--- Supplied material Enclosed Below ---
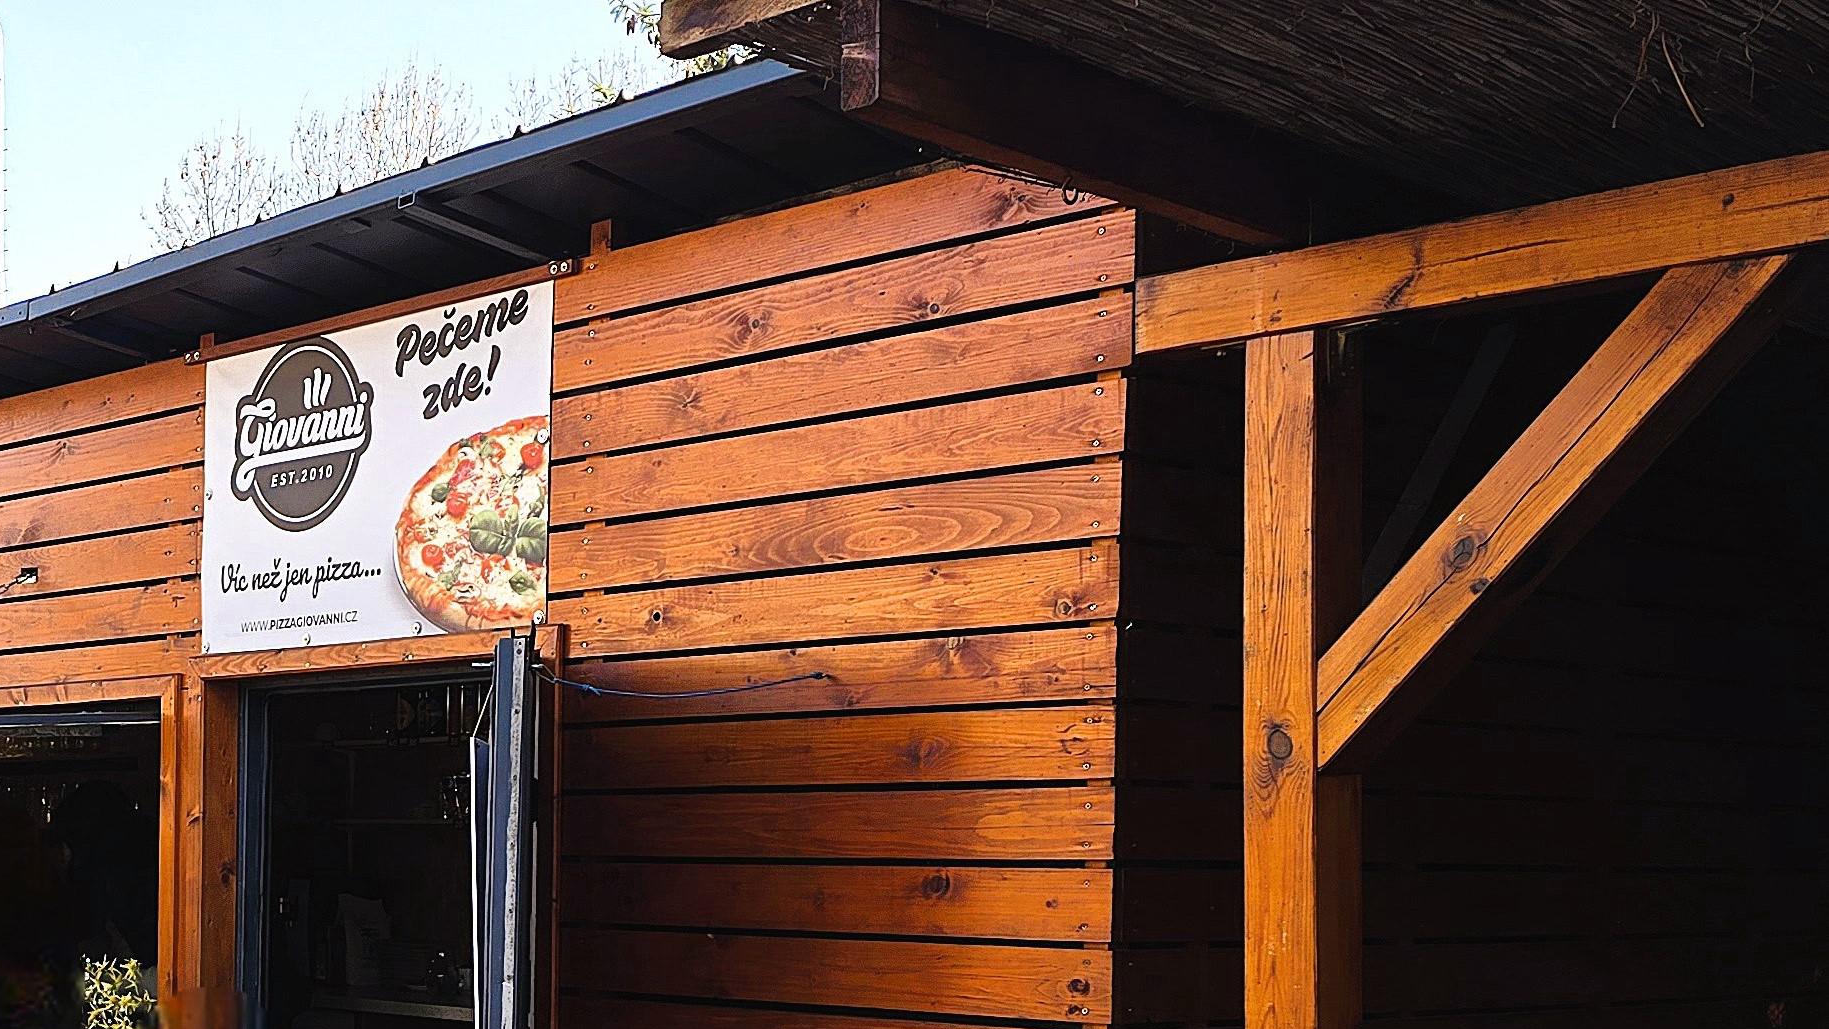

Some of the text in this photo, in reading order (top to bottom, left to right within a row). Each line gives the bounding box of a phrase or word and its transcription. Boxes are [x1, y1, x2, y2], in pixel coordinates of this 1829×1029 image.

[395, 289, 529, 377] Pečeme
[422, 344, 501, 420] zde!
[236, 391, 368, 491] Giovanni
[270, 464, 333, 488] EST.2010
[221, 556, 382, 602] Víc než jen pizza...
[240, 610, 358, 633] WWW.PIZZAGIOVANNI.CZ
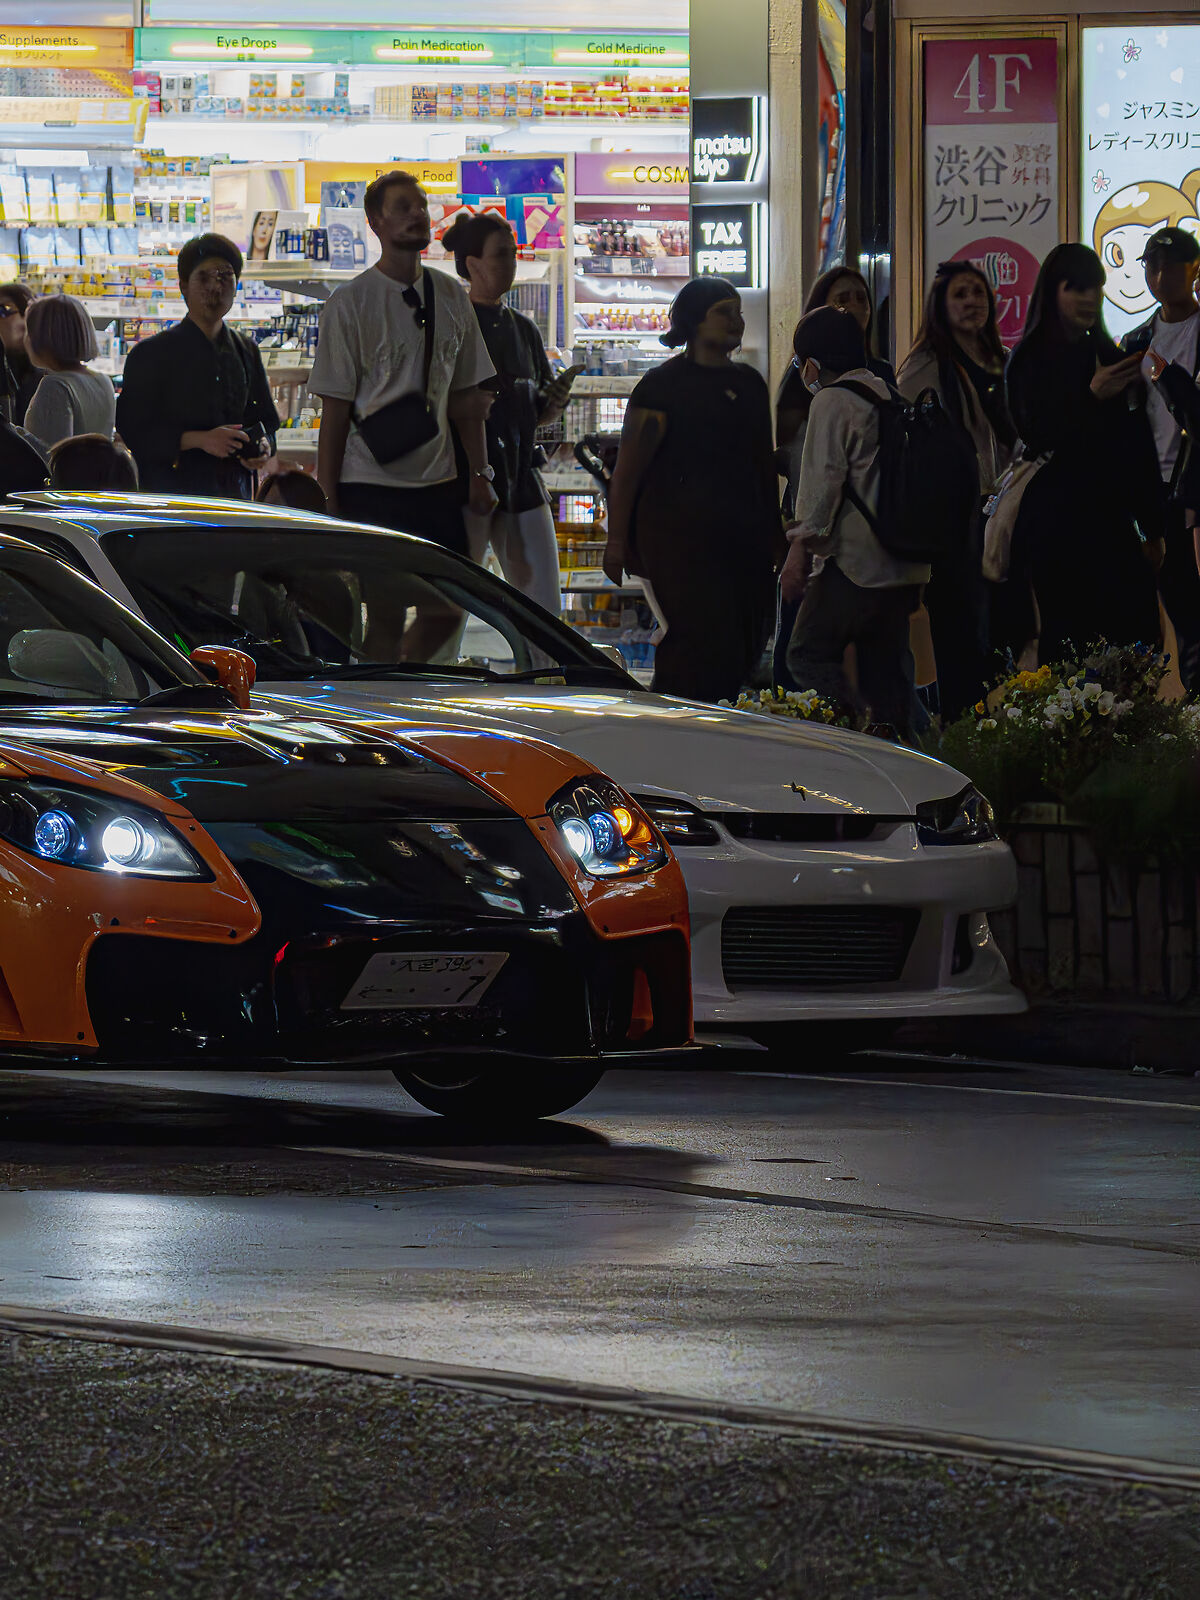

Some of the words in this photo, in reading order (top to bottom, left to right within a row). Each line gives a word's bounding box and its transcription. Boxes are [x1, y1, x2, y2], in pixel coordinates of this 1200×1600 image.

[0, 34, 79, 48] Supplements
[216, 36, 240, 50] Eye
[241, 36, 277, 51] Drops
[393, 38, 419, 50] Pain
[421, 39, 485, 51] Medication
[587, 42, 612, 54] Cold
[615, 42, 666, 54] Medicine
[953, 53, 1033, 114] 4F
[1123, 101, 1200, 120] ジャスミン
[693, 134, 752, 156] matsu
[633, 165, 690, 184] COSM
[693, 153, 730, 183] kiyo
[934, 144, 1009, 187] 渋谷
[423, 170, 453, 182] Food
[934, 193, 1052, 228] クリニック
[700, 221, 743, 245] TAX
[697, 249, 747, 274] FREE
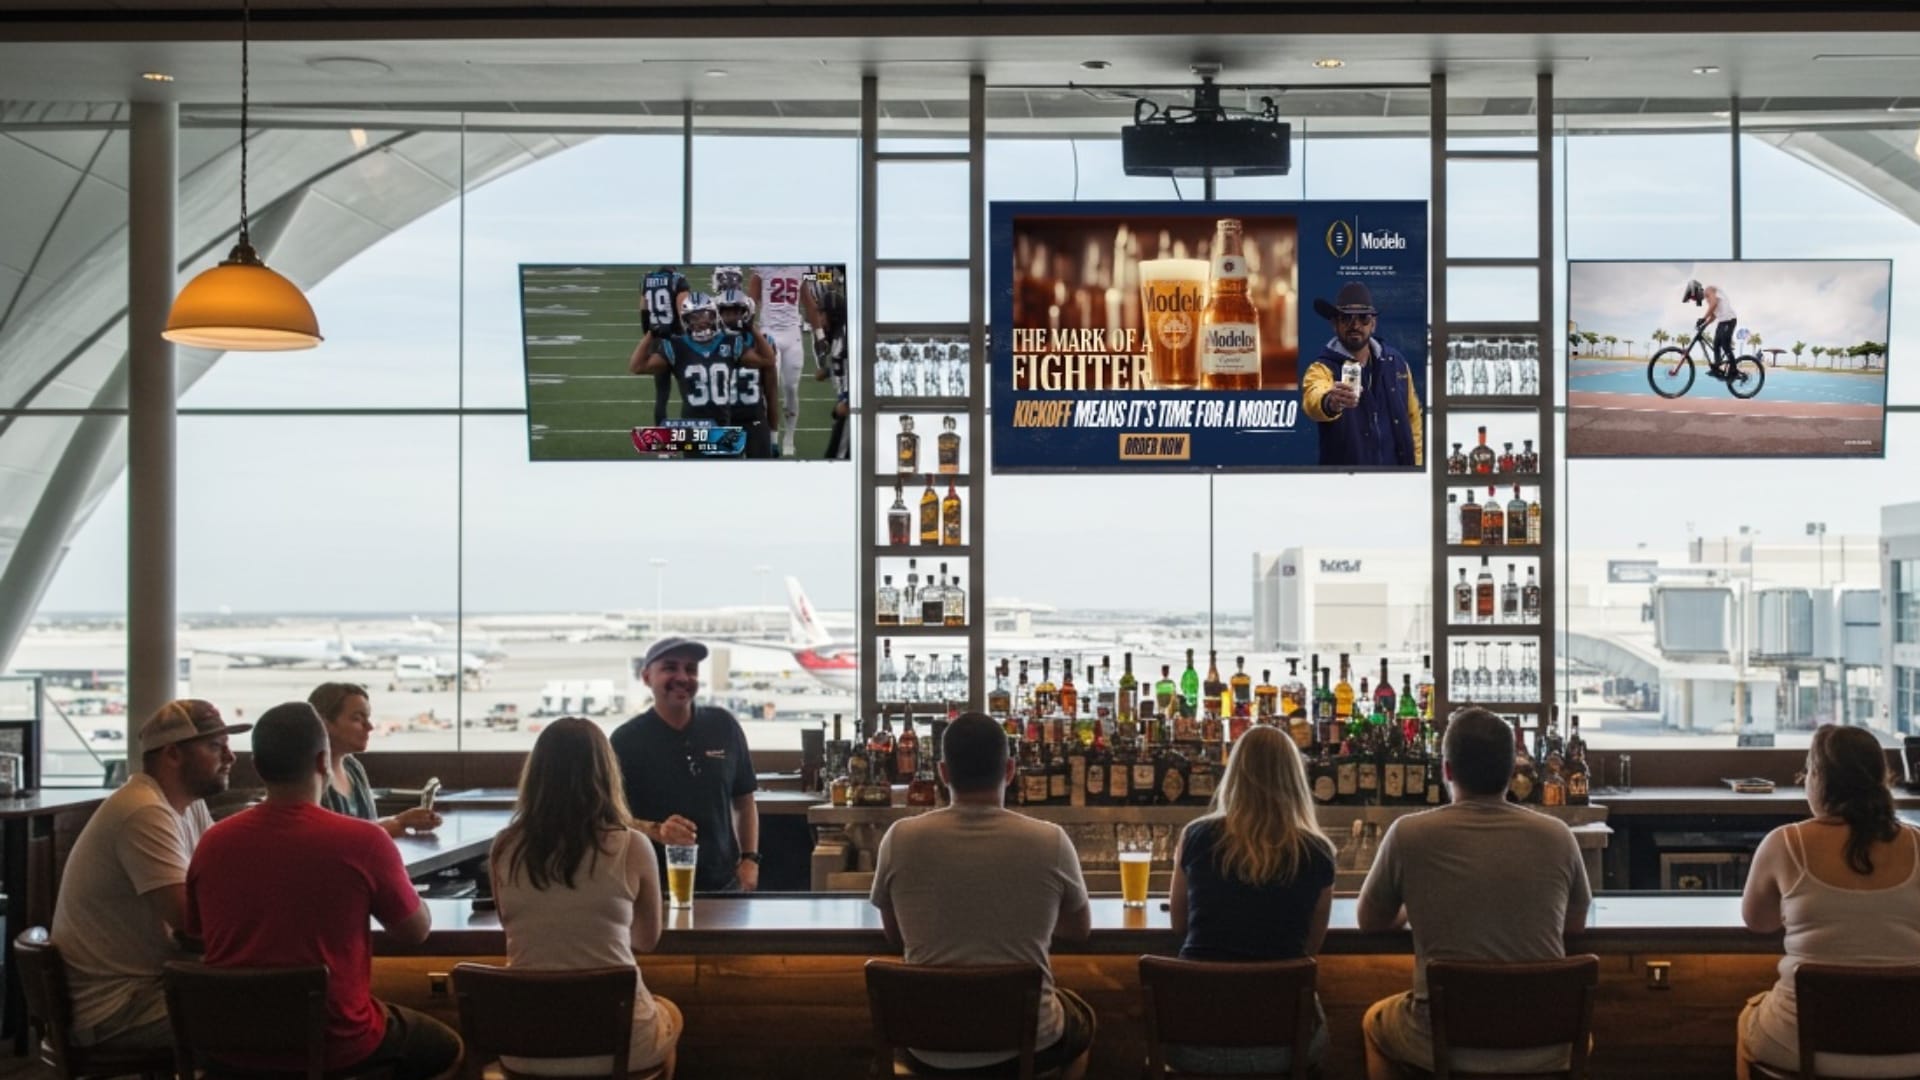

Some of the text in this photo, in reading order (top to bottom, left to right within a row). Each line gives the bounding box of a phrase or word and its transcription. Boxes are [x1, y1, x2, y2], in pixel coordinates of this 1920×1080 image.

[1361, 231, 1406, 250] Modelo
[769, 277, 799, 305] 25
[645, 288, 674, 325] 19
[1012, 328, 1154, 353] THE MARK OF A
[1207, 330, 1254, 348] Modelo
[684, 362, 730, 407] 30
[1012, 354, 1154, 391] FIGHTER
[1012, 399, 1298, 428] KICKOFF MEANS IT'S TIME FOR A MODELO
[671, 429, 686, 441] 30
[693, 429, 709, 441] 30
[1124, 437, 1185, 455] ORDER NOW
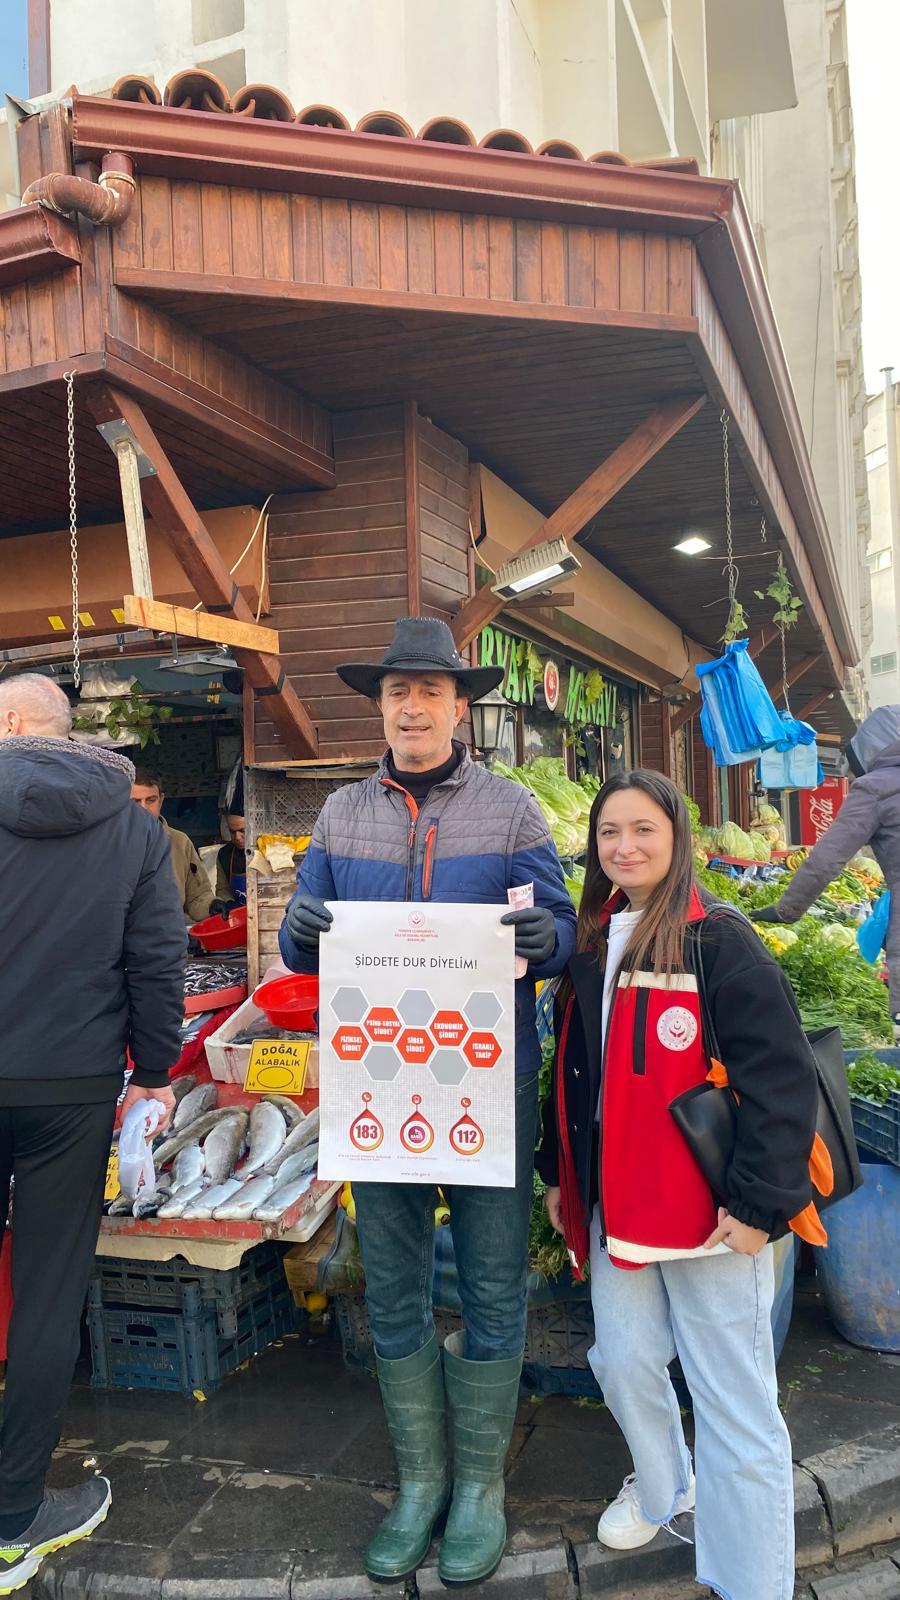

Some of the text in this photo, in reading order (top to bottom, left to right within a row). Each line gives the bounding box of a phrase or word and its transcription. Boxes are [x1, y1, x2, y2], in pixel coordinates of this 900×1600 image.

[355, 954, 478, 969] ŞİDDETE DUR DİYELİM!
[373, 1027, 393, 1035] ŞİDDET
[433, 1022, 463, 1031] EKONOMİK
[438, 1031, 458, 1039] ŞİDDET
[407, 1036, 424, 1044] SİBER
[261, 1044, 298, 1057] DOĞAL
[342, 1044, 361, 1052] ŞİDDET
[406, 1045, 425, 1053] ŞİDDET
[475, 1050, 492, 1059] TAKİP
[255, 1058, 301, 1067] ALABALIK
[356, 1125, 378, 1139] 183
[457, 1130, 477, 1144] 112
--- End of Enclosed Supplied material ---
**Exercise objective:**
Repeat word for word the lines starting at the one with "Some of the words" and ending at the final line of the records above, both included; no pictures.

**Response box:**
Some of the words in this photo, in reading order (top to bottom, left to right within a row). Each line gives a word's bounding box and its transcription. Boxes are [x1, y1, x2, y2], in pixel coordinates of this 1200×1600 image.

[0, 34, 79, 48] Supplements
[216, 36, 240, 50] Eye
[241, 36, 277, 51] Drops
[393, 38, 419, 50] Pain
[421, 39, 485, 51] Medication
[587, 42, 612, 54] Cold
[615, 42, 666, 54] Medicine
[953, 53, 1033, 114] 4F
[1123, 101, 1200, 120] ジャスミン
[693, 134, 752, 156] matsu
[633, 165, 690, 184] COSM
[693, 153, 730, 183] kiyo
[934, 144, 1009, 187] 渋谷
[423, 170, 453, 182] Food
[934, 193, 1052, 228] クリニック
[700, 221, 743, 245] TAX
[697, 249, 747, 274] FREE

Some of the text in this photo, in reading order (top to bottom, left to right within a row). Each line gives the bounding box of a phrase or word and its transcription. Boxes are [x1, y1, x2, y2], in pixel coordinates of this 1920×1080 image.

[1361, 231, 1406, 250] Modelo
[769, 277, 799, 305] 25
[645, 288, 674, 325] 19
[1012, 328, 1154, 353] THE MARK OF A
[1207, 330, 1254, 348] Modelo
[684, 362, 730, 407] 30
[1012, 354, 1154, 391] FIGHTER
[1012, 399, 1298, 428] KICKOFF MEANS IT'S TIME FOR A MODELO
[671, 429, 686, 441] 30
[693, 429, 709, 441] 30
[1124, 437, 1185, 455] ORDER NOW

Some of the text in this photo, in reading order (top to bottom, left to right within a row). Each line gives the bounding box of a phrase or word and its transcription. Boxes are [x1, y1, x2, y2], in pixel coordinates of this 900×1600 image.

[355, 954, 478, 969] ŞİDDETE DUR DİYELİM!
[373, 1027, 393, 1035] ŞİDDET
[433, 1022, 463, 1031] EKONOMİK
[438, 1031, 458, 1039] ŞİDDET
[407, 1036, 424, 1044] SİBER
[261, 1044, 298, 1057] DOĞAL
[342, 1044, 361, 1052] ŞİDDET
[406, 1045, 425, 1053] ŞİDDET
[475, 1050, 492, 1059] TAKİP
[255, 1058, 301, 1067] ALABALIK
[356, 1125, 378, 1139] 183
[457, 1130, 477, 1144] 112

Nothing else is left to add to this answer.